Write the data out again exactly, with every picture removed.

- Data supplied -
************

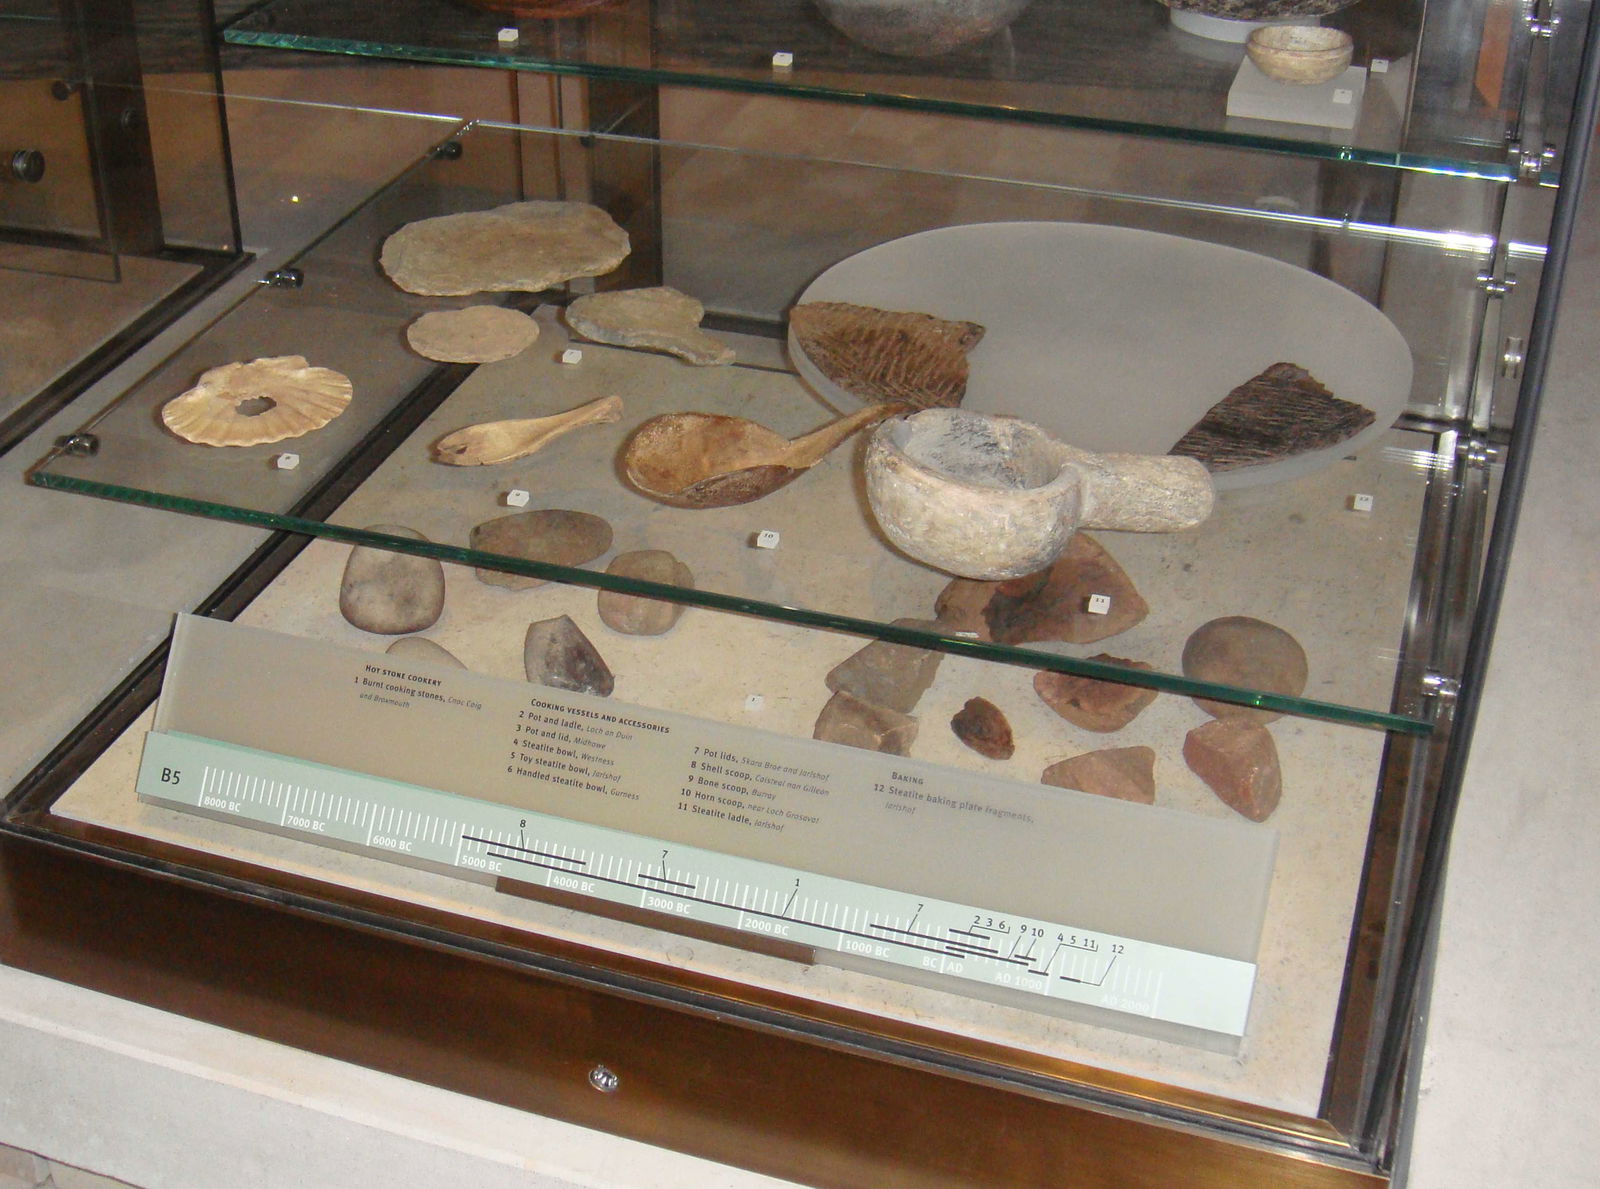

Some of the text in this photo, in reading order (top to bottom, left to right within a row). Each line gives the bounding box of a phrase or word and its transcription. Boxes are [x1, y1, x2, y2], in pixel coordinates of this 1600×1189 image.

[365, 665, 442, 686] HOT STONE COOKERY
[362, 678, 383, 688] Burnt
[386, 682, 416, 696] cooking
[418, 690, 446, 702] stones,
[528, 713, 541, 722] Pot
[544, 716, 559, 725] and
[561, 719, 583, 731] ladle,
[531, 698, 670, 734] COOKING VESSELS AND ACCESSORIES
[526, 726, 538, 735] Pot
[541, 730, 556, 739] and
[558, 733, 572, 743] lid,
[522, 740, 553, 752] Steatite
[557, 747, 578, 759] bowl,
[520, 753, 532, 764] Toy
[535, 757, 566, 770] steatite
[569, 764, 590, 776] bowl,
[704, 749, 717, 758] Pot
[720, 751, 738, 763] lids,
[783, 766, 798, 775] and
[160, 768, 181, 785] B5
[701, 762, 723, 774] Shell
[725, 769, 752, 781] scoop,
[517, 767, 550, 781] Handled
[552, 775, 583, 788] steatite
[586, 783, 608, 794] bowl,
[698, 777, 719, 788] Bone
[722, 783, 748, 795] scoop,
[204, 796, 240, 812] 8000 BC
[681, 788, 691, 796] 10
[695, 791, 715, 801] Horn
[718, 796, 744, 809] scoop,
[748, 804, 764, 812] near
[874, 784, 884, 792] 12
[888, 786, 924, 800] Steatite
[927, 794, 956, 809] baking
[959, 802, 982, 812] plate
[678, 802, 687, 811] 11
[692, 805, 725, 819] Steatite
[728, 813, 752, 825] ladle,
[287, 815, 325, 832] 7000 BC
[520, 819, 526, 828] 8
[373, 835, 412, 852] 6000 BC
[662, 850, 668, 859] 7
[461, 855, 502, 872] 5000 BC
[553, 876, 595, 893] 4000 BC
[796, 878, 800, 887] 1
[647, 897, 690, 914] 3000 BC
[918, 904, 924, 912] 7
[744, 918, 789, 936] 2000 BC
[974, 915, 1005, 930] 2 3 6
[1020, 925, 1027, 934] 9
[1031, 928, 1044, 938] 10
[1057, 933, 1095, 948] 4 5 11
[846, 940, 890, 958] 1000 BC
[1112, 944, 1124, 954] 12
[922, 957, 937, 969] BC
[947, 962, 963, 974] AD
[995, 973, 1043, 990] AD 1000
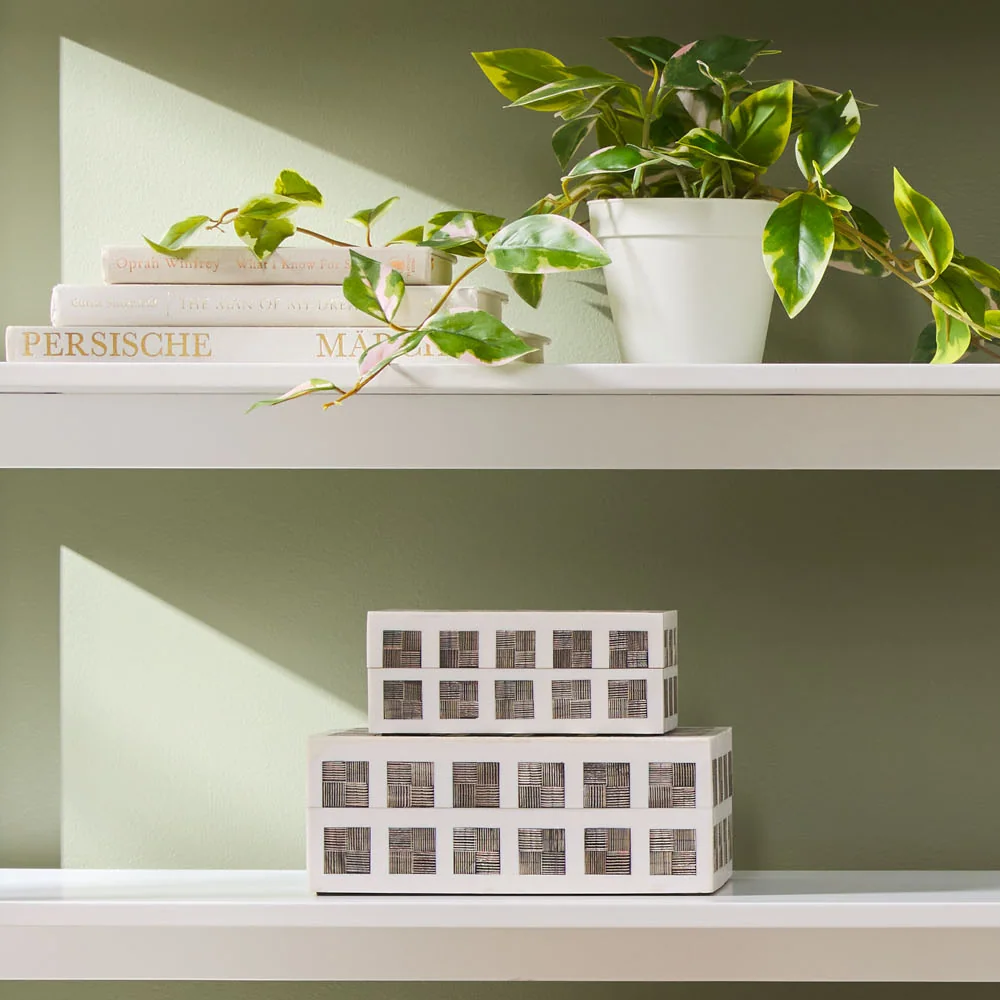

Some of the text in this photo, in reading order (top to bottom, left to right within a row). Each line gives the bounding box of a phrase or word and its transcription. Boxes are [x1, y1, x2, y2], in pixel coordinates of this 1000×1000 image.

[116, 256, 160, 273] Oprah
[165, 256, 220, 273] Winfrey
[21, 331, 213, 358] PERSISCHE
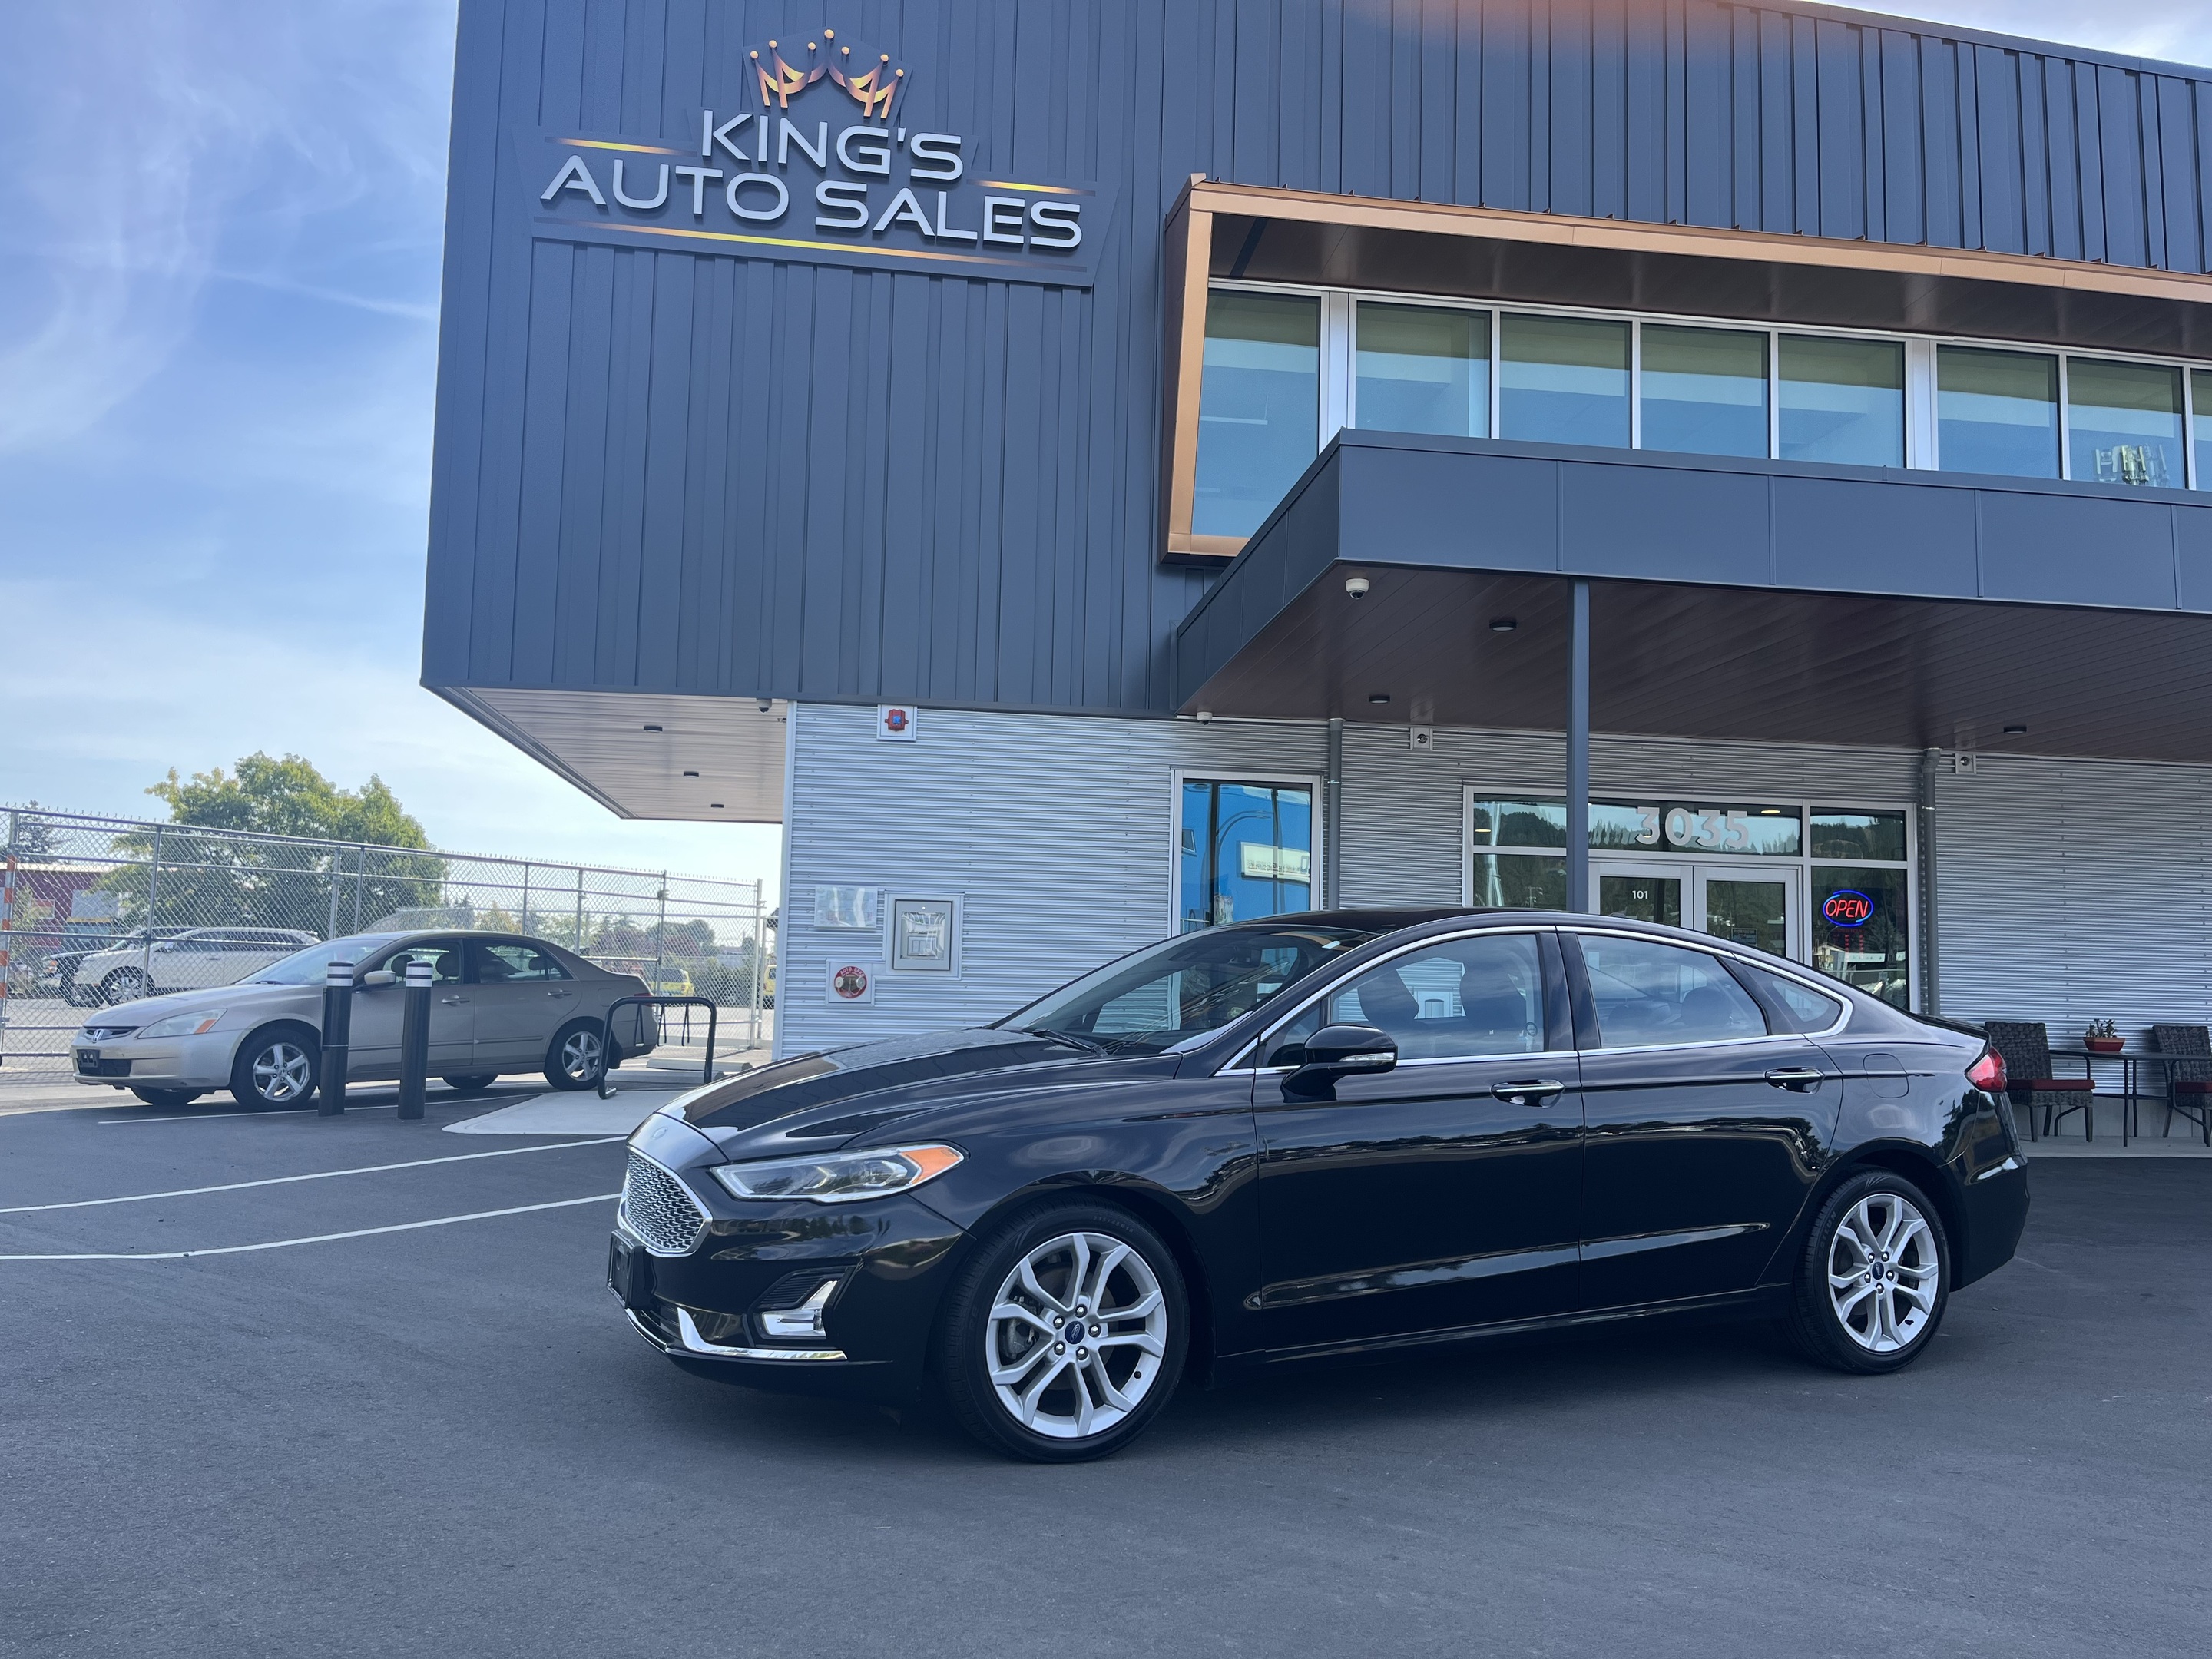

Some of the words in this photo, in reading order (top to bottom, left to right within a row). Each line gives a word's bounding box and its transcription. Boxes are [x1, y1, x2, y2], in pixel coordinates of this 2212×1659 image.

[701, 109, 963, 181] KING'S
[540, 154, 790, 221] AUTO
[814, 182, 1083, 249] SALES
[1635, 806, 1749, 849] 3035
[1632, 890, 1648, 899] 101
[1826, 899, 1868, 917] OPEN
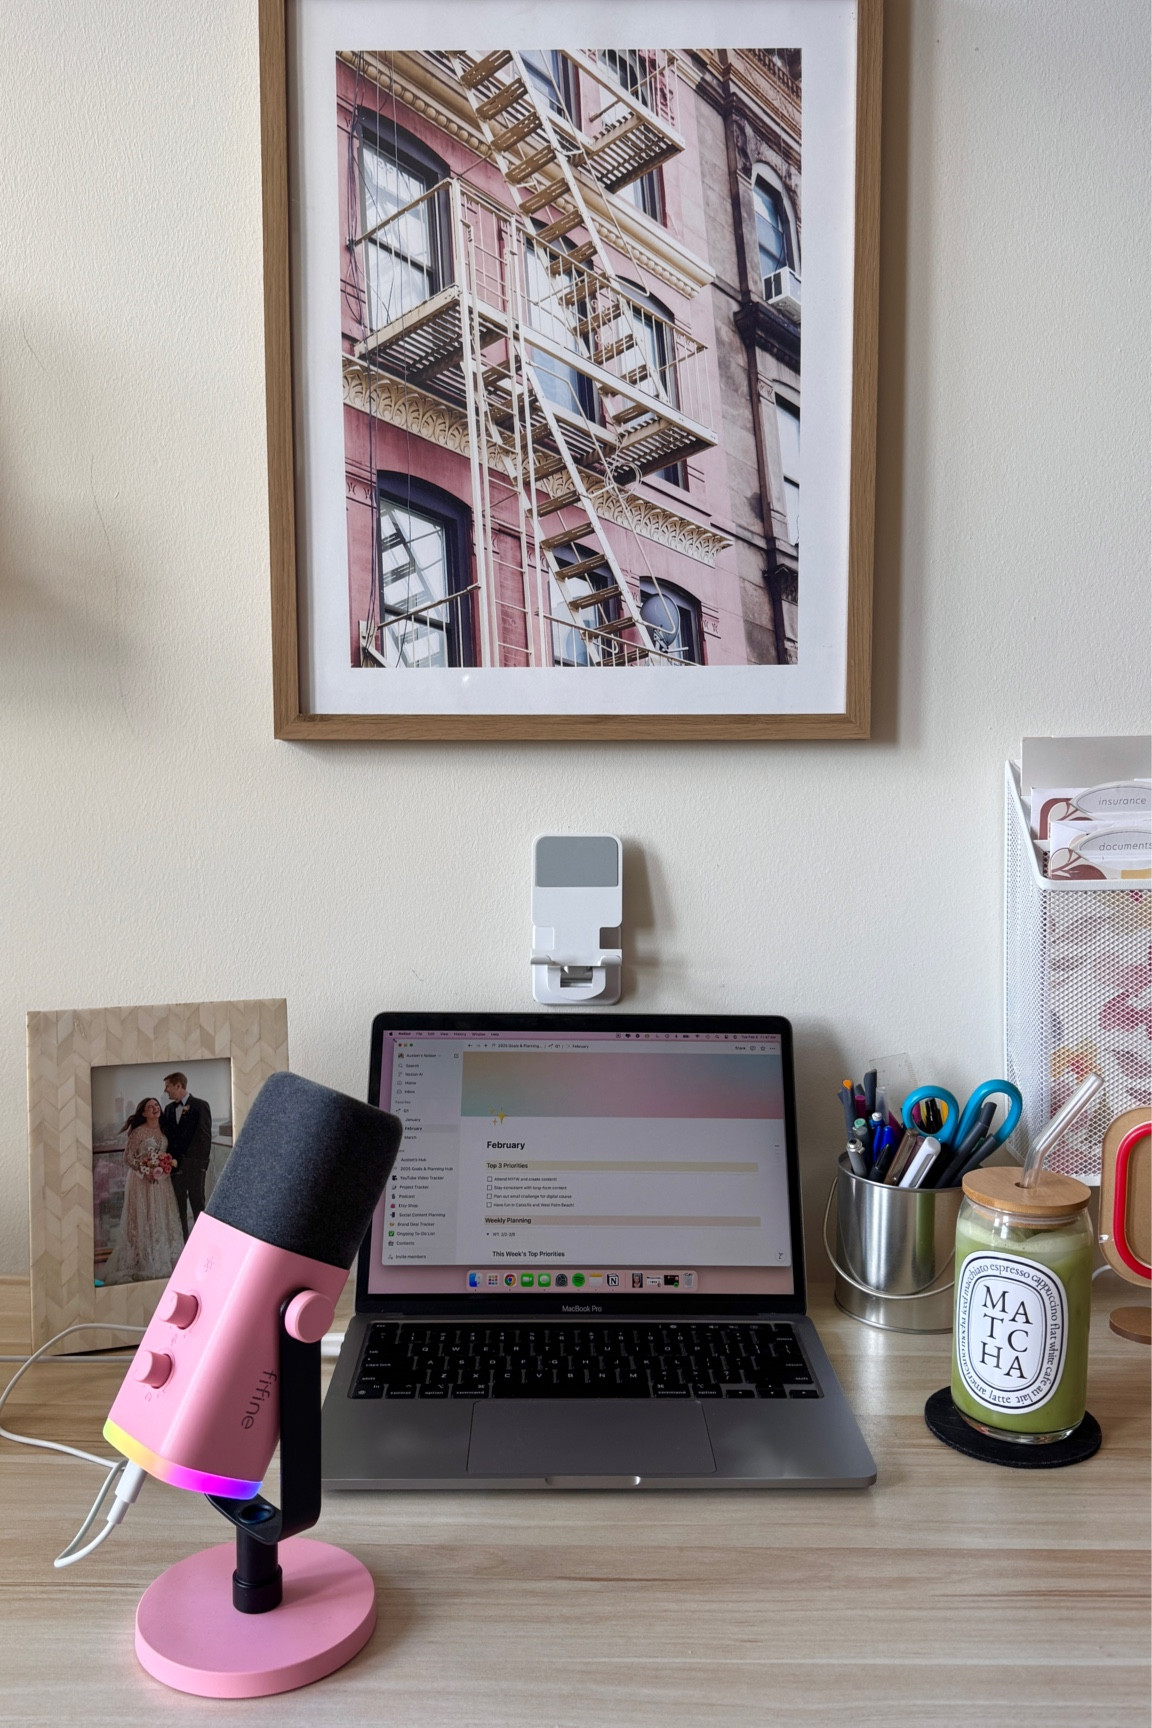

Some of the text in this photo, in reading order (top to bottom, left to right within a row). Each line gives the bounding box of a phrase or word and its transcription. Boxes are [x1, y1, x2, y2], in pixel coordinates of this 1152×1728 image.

************

- Response for this exercise -
Some of the text in this photo, in reading order (top to bottom, left to right within a row). Each line gives the bounding box of a phrase or word and its transcription. Boxes are [x1, y1, x2, y2], in pixel coordinates of this 1600×1189 image.

[365, 665, 442, 686] HOT STONE COOKERY
[362, 678, 383, 688] Burnt
[386, 682, 416, 696] cooking
[418, 690, 446, 702] stones,
[528, 713, 541, 722] Pot
[544, 716, 559, 725] and
[561, 719, 583, 731] ladle,
[531, 698, 670, 734] COOKING VESSELS AND ACCESSORIES
[526, 726, 538, 735] Pot
[541, 730, 556, 739] and
[558, 733, 572, 743] lid,
[522, 740, 553, 752] Steatite
[557, 747, 578, 759] bowl,
[520, 753, 532, 764] Toy
[535, 757, 566, 770] steatite
[569, 764, 590, 776] bowl,
[704, 749, 717, 758] Pot
[720, 751, 738, 763] lids,
[783, 766, 798, 775] and
[160, 768, 181, 785] B5
[701, 762, 723, 774] Shell
[725, 769, 752, 781] scoop,
[517, 767, 550, 781] Handled
[552, 775, 583, 788] steatite
[586, 783, 608, 794] bowl,
[698, 777, 719, 788] Bone
[722, 783, 748, 795] scoop,
[204, 796, 240, 812] 8000 BC
[681, 788, 691, 796] 10
[695, 791, 715, 801] Horn
[718, 796, 744, 809] scoop,
[748, 804, 764, 812] near
[874, 784, 884, 792] 12
[888, 786, 924, 800] Steatite
[927, 794, 956, 809] baking
[959, 802, 982, 812] plate
[678, 802, 687, 811] 11
[692, 805, 725, 819] Steatite
[728, 813, 752, 825] ladle,
[287, 815, 325, 832] 7000 BC
[520, 819, 526, 828] 8
[373, 835, 412, 852] 6000 BC
[662, 850, 668, 859] 7
[461, 855, 502, 872] 5000 BC
[553, 876, 595, 893] 4000 BC
[796, 878, 800, 887] 1
[647, 897, 690, 914] 3000 BC
[918, 904, 924, 912] 7
[744, 918, 789, 936] 2000 BC
[974, 915, 1005, 930] 2 3 6
[1020, 925, 1027, 934] 9
[1031, 928, 1044, 938] 10
[1057, 933, 1095, 948] 4 5 11
[846, 940, 890, 958] 1000 BC
[1112, 944, 1124, 954] 12
[922, 957, 937, 969] BC
[947, 962, 963, 974] AD
[995, 973, 1043, 990] AD 1000

Some of the text in this photo, in reading order (top to bottom, left to right within a row). Each line gives the bounding box of a phrase or word and its transcription. Boxes are [x1, y1, x2, y2], in pixel coordinates of this 1000×1000 image.

[116, 256, 160, 273] Oprah
[165, 256, 220, 273] Winfrey
[21, 331, 213, 358] PERSISCHE

Some of the words in this photo, in reading order (top to bottom, left to right within a row). Each line gives a word's bounding box and its transcription. Boxes are [x1, y1, x2, y2], in pixel coordinates of this 2212×1659 image.

[701, 109, 963, 181] KING'S
[540, 154, 790, 221] AUTO
[814, 182, 1083, 249] SALES
[1635, 806, 1749, 849] 3035
[1632, 890, 1648, 899] 101
[1826, 899, 1868, 917] OPEN

Some of the text in this photo, in reading order (top to bottom, left to right within a row). Each line gives the bounding box of a phrase or word and its transcription. Boxes are [x1, y1, x2, y2], in pixel coordinates of this 1152×1728 image.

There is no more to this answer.